Objective: To review current knowledge on the risk of ectopic pregnancy (EP), with the exception of contraceptive methods.
Setting: Case control and cohort studies published between 1978 and 1994 in English, French, German, or Dutch, retrieved by Medline search, crossover search from the papers obtained, and hand-search on recent medical journals.
Patients: A total number of 6,718 cases of EP in 27 case control studies and 13,049 exposed women in 9 cohort studies.
Main outcome measures: Detected studies were tested for homogeneity. If homogeneity was not rejected, Mantel-Haenszel common odds ratios (OR) and 95% confidence intervals were calculated.
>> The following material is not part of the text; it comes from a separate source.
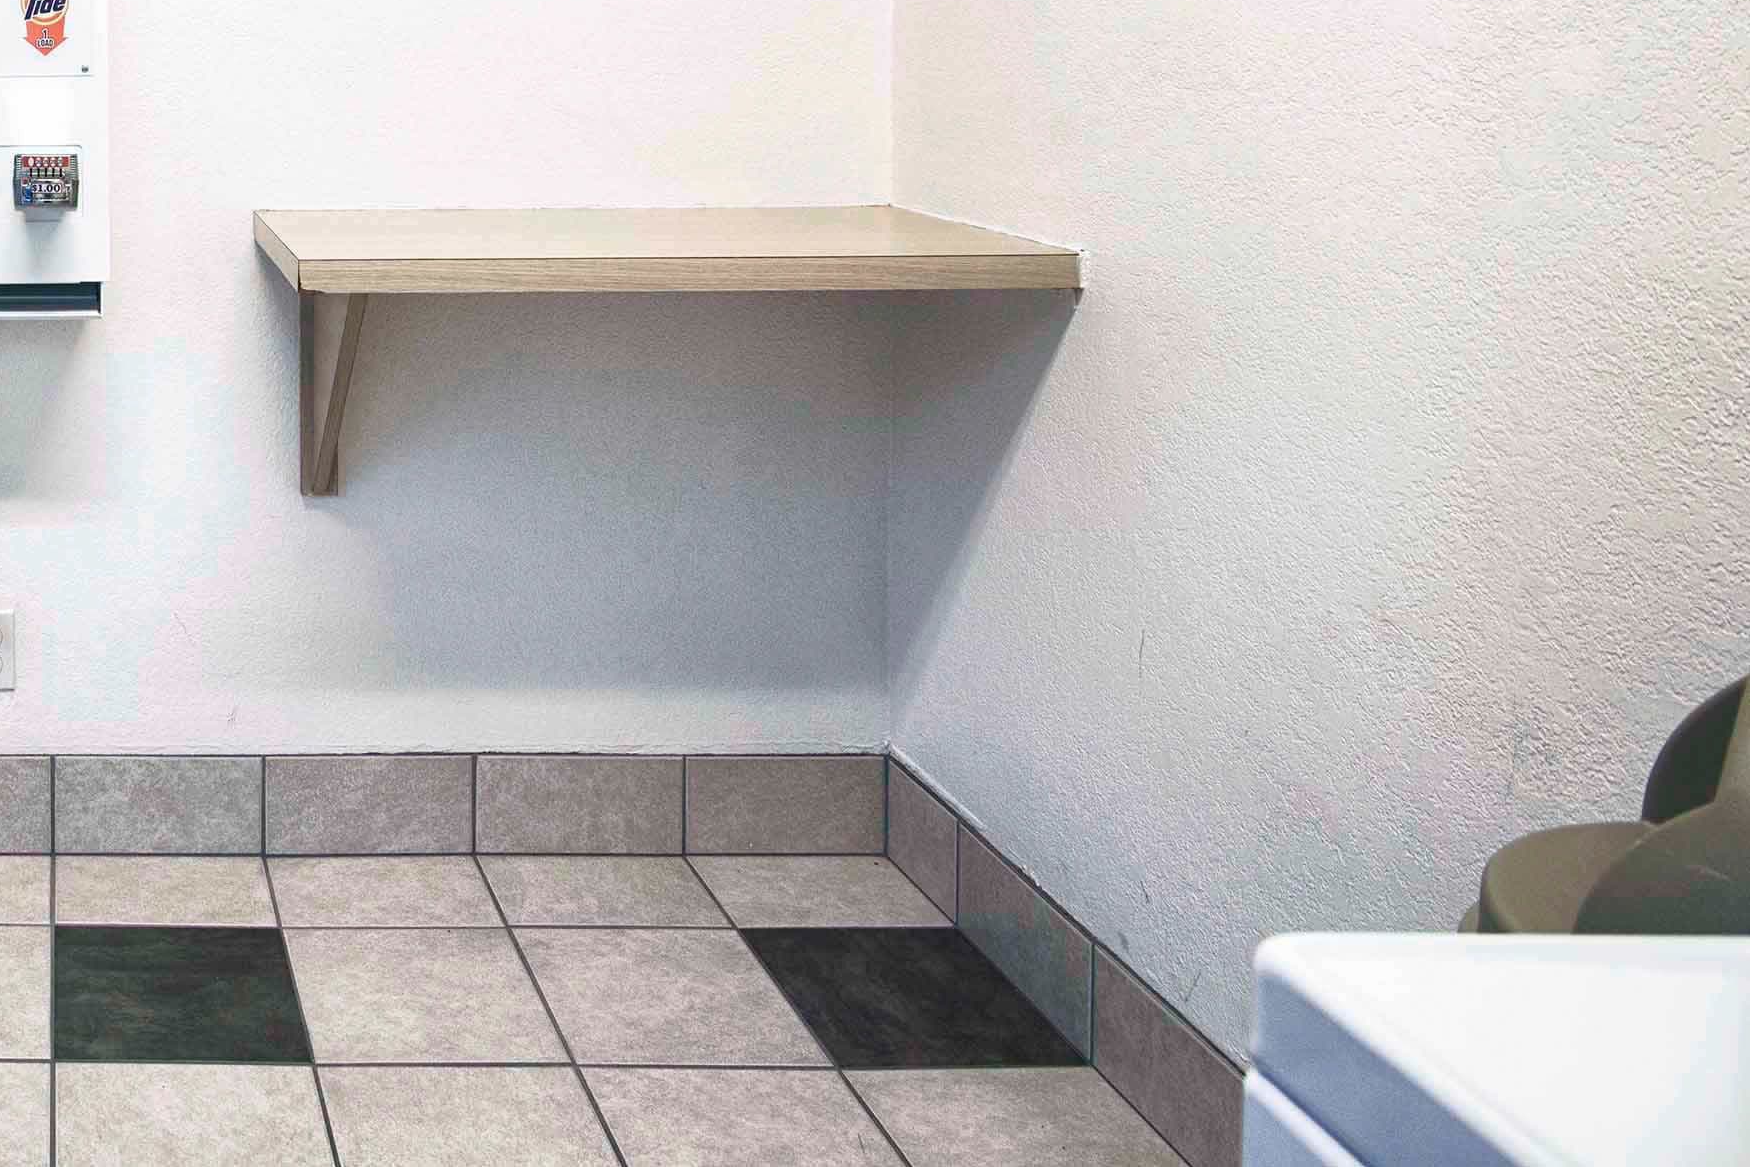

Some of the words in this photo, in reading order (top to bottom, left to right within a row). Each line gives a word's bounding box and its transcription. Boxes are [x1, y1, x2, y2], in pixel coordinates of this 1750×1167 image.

[42, 29, 49, 40] 1
[37, 39, 54, 47] LOAD
[32, 184, 61, 193] $1.00
Results: Previous EP, previous tubal surgery, documented tubal pathology, and in utero diethylstilbestrol (DES) exposure were found to be associated strongly with the occurrence of EP. Previous genital infections (pelvic inflammatory disease [PID], chlamydia, gonorrhoea), infertility, and a lifetime number of sexual partners > 1 were associated with a mildly increased risk. For gonorrhoea, PID, previous EP, previous tubal surgery, and smoking, a higher common OR was calculated when using pregnant controls compared with using nonpregnant controls.
Conclusions: The strong risk in women with a previous EP, previous tubal surgery, documented tubal pathology, or in utero DES exposure justifies the exploration of a screening policy for EP among these women. If a risk factor reduces fertility chances, the OR detected when using pregnant controls is higher than the OR calculated using nonpregnant controls.